It was sunset when we reached the little bridge over the Foss, and the old castle stood out in solid blackness against the copperred sky behind it. But from Lendal Bridge the sluggish Ouse forins an unpoetic foreground to the interesting view; not worse, perhaps, than the yellow Pegnitz at Nuremberg. The Ouse is a great contrast to its parents, the brilliant Yore and the clear and beautiful Swale; it is a most unworthy offspring; and perhaps it is for this cause that its name has been changed, as some writers assert that the present name York has its origin in the Jorvik of the early Danish settlers. So that Yore was probably the name then borne by the river, which rises near Westmoreland, and dances merrily through Wensleydale, receiving the Swale near Boroughbridge, then changes its name and its nature as it approaches York.

Leland says that the ancient name of the city was Isure-wic, then Yure-wic, and so York. At different times, under different masters, York has been called Eboracum, Civitas Brigantium, Kaer-Ebrave, Caer Effroc, Evervic, Ceaster, Isvronicvum, AlteraRoma, Victoria Sexta, Civitas Eboracum, Yure-wic, Yorke, York. It is said to have been the birthplace of Lucius, king of Britain, the first royal personage who became a Christian. The emperor Hadrian resided in York in the second century, and Constantius, father of Constantine the Great, who died here in 307, is said to have been buried in the Church of St. Helen's on the walls, which existed before the Reformation. In the church was a vase supposed to hold his ashes.

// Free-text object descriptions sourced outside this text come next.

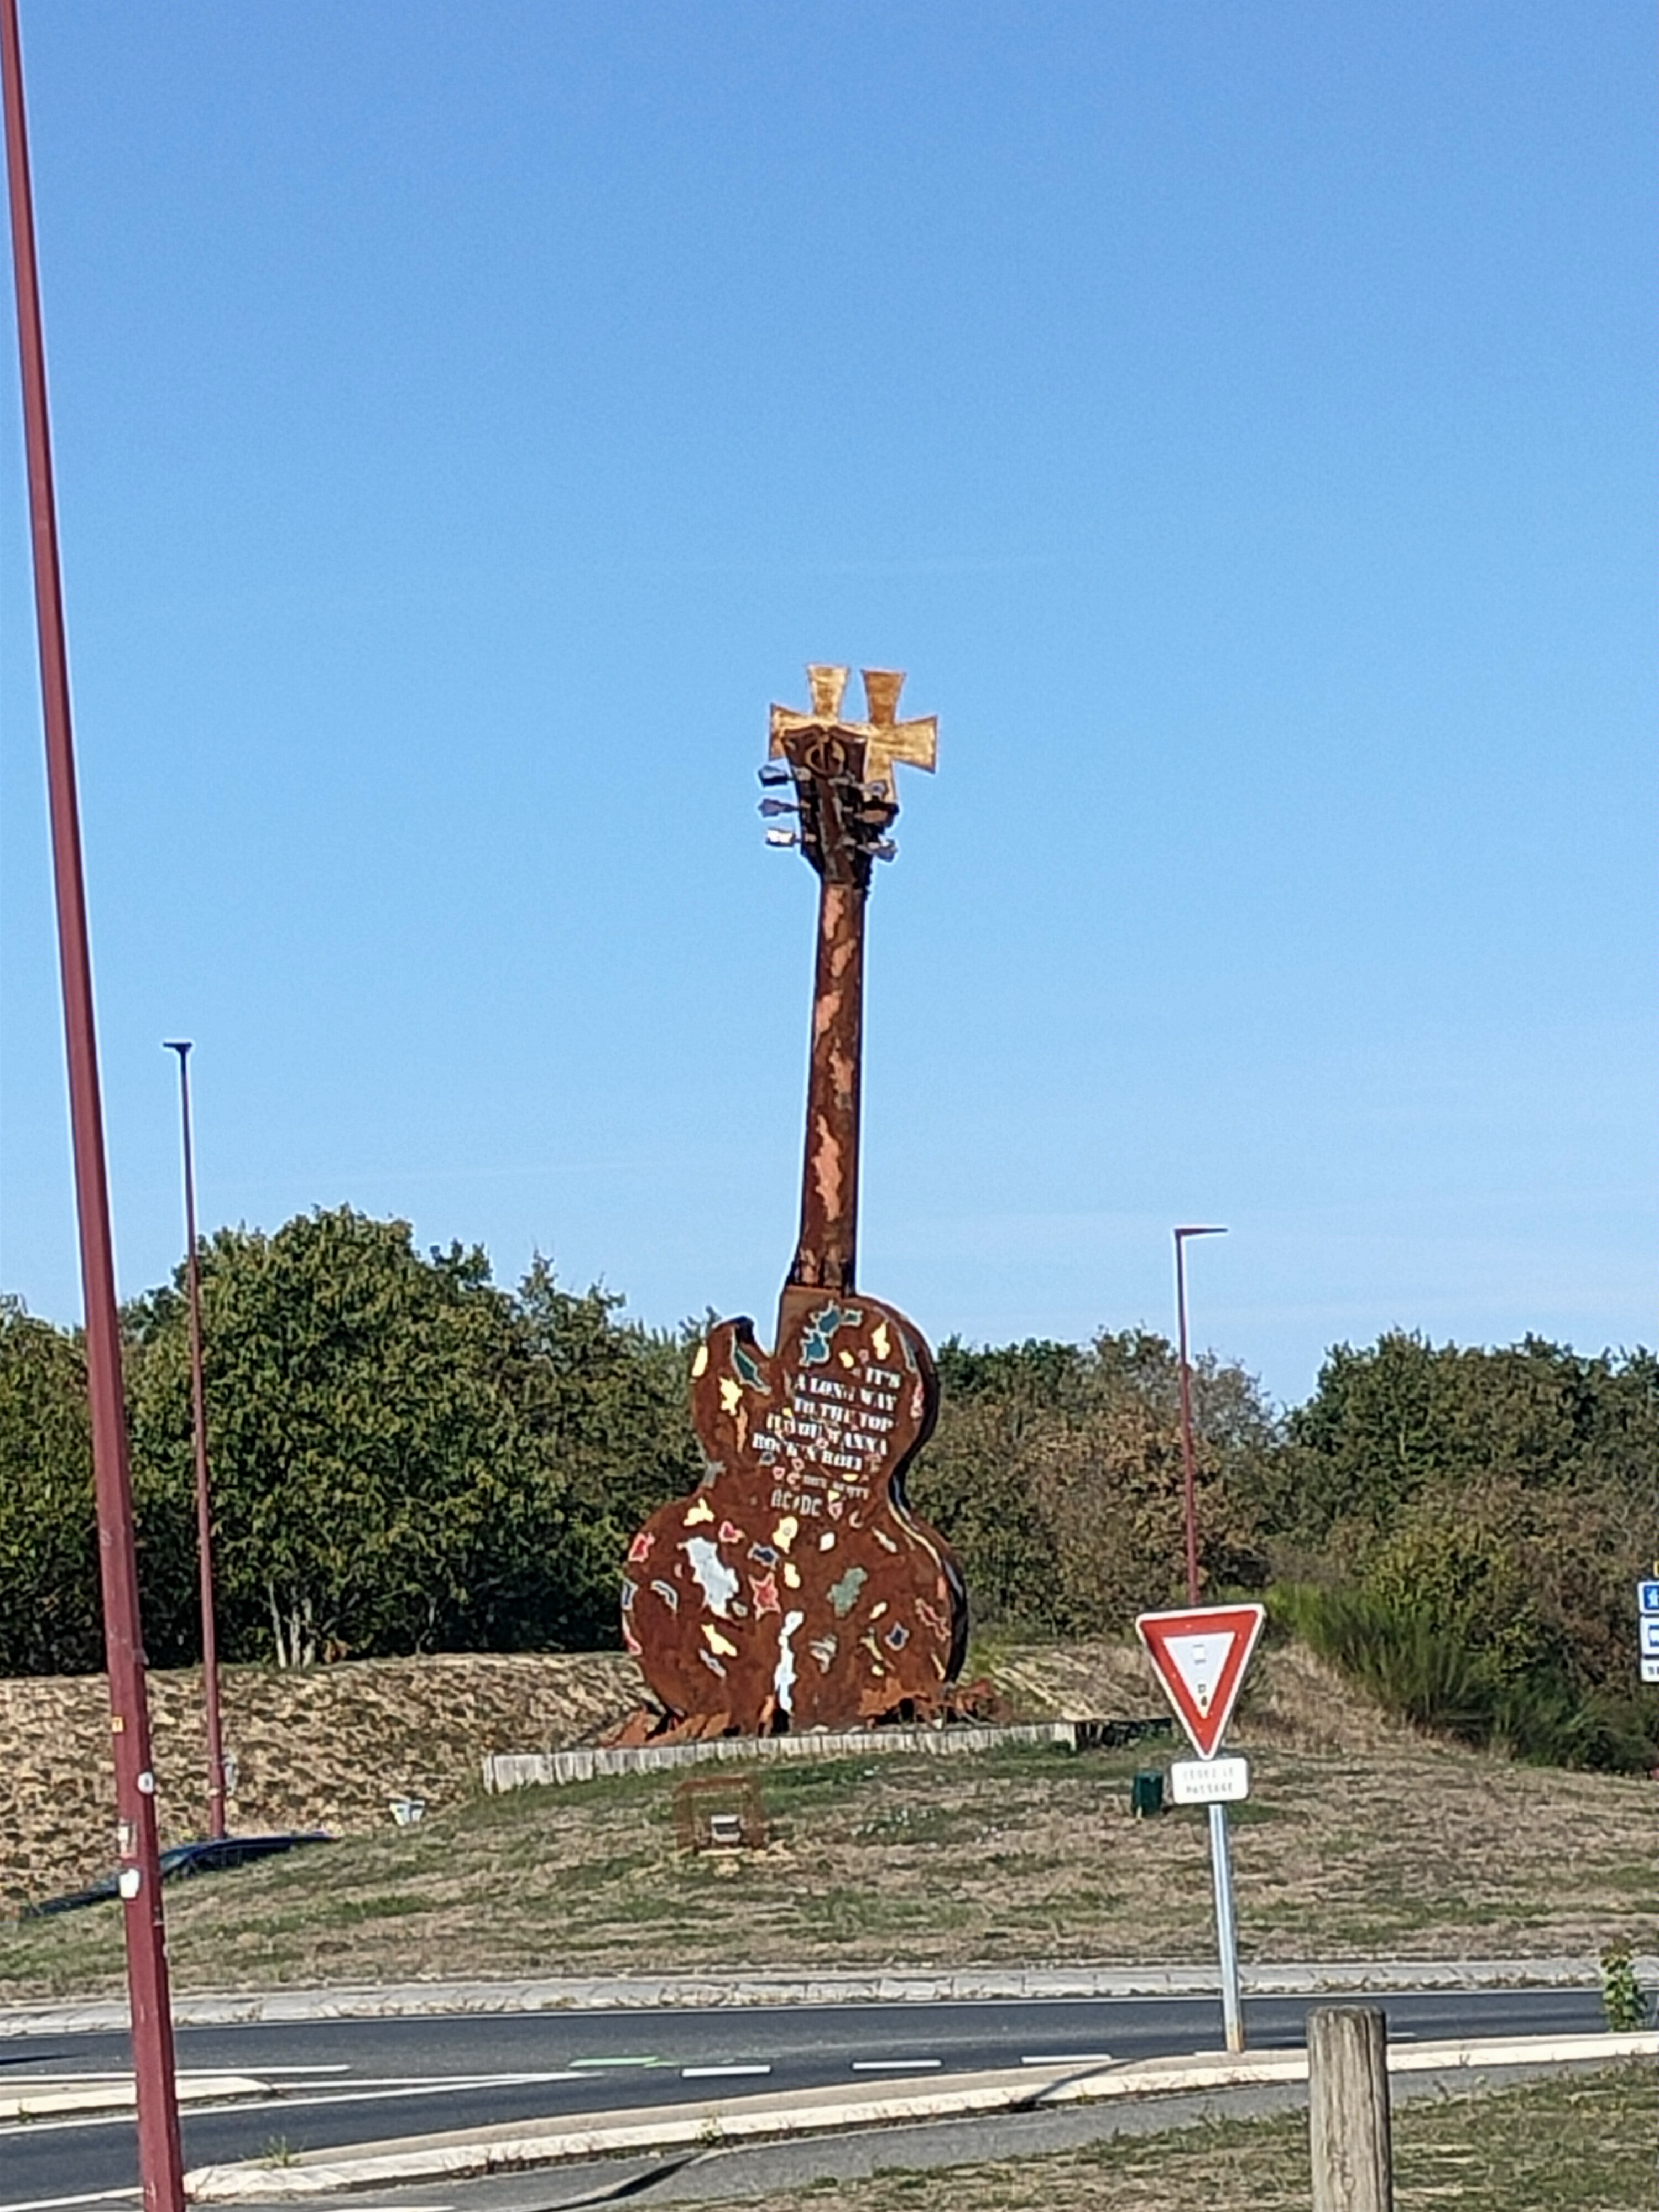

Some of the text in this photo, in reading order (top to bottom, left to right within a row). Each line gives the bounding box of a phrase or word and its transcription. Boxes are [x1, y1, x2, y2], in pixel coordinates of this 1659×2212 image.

[865, 1367, 901, 1389] IT'S
[794, 1374, 805, 1391] A
[860, 1388, 898, 1411] WAY
[794, 1397, 894, 1432] TO THE TOP
[828, 1429, 888, 1455] WANNA
[821, 1449, 863, 1471] ROLL
[771, 1489, 823, 1517] AC/DC
[1186, 1782, 1234, 1794] PASSAGE

King Arthur is said to have kept Christmas at York in 524, the first Christmas ever celebrated in Britain. York paid an early tribute of suffering and spoil to the Danes, and Guthrum-gate is doubtless named from Guthrum, a Danish officer, once deputy governor of the city. But the Danes were not so ruthless as the Normans were under Duke William. At first he left York and the North in peace, but in about a year from the battle of Hastings he marched northwards, conquering wherever he showed his bold, crafty face. York submitted, and William built a castle there and filled it with a Norman garrison. Then came King Sweyn sailing up the Humber, and the men of Northumbria in their folly thought that the brute force of the Vikings would end William's

rule. They joined in a general massacre of the Normans, who in their terror set fire to the city, and burned it and the Saxon minster.

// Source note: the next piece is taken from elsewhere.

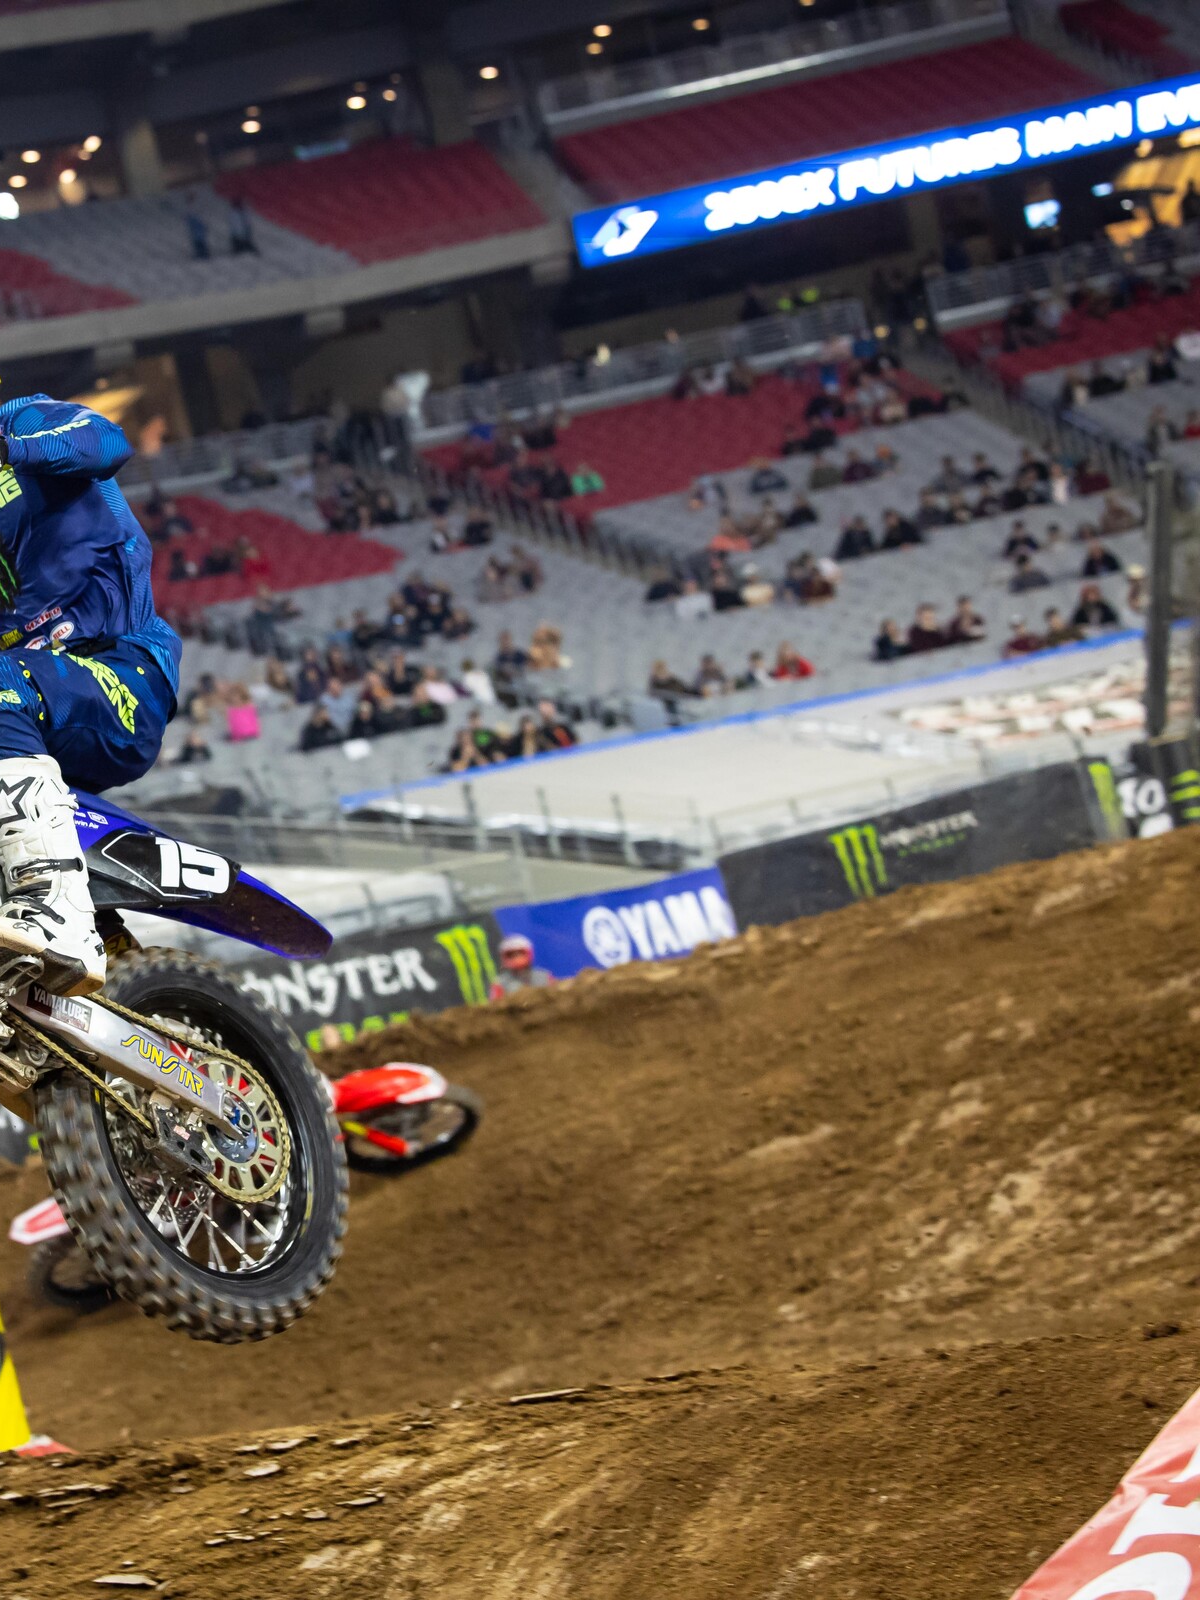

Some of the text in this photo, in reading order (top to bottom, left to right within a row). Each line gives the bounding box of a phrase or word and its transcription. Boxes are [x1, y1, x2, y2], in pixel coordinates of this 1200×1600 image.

Then William came in great haste, and so laid waste the whole north country as far as the Tweed that for years it remained a desert. The Norman archbishop rebuilt the minster, and in something less than a hundred years York must have regained its position as a place of importance, for the first Parliament on record was held at York by Henry II., his great-grandson.

In Ivanhoe' Sir Walter Scott has illustrated the ill-treatment of the Jews of York during the twelfth century, and the persecuted race has left enduring memories in the names Jewsbury, the site of the Jewish cemetery, and Jubbergate. In Jubbergate they had splendid houses, and lived under the royal protection of both Henry II. and his son Richard I. As soon, however, as Richard I. sailed for the Holy Land, the citizens of York, following the lead of the rest of England, began the celebrated persecution, and massacred all the Jews they could find. A large number fled to the castle with their gold. Then came the siege of the castle, and the determination of the Jews to perish when they found they could no longer defend themselves. They set fire to the castle, and then, first killing their wives and children, they stabbed one another dead. There were some cowards among them, and at daybreak these offered to open the gates, provided their lives were spared; but they were all put to death. Richard seems to have ordered an inquiry to be made, but no serious punishment was inflicted on the murderous people of York for their fiendish cruelty. Punishment came in the loss of commerce, which, unsupported by money lent by the Jews, dwindled away.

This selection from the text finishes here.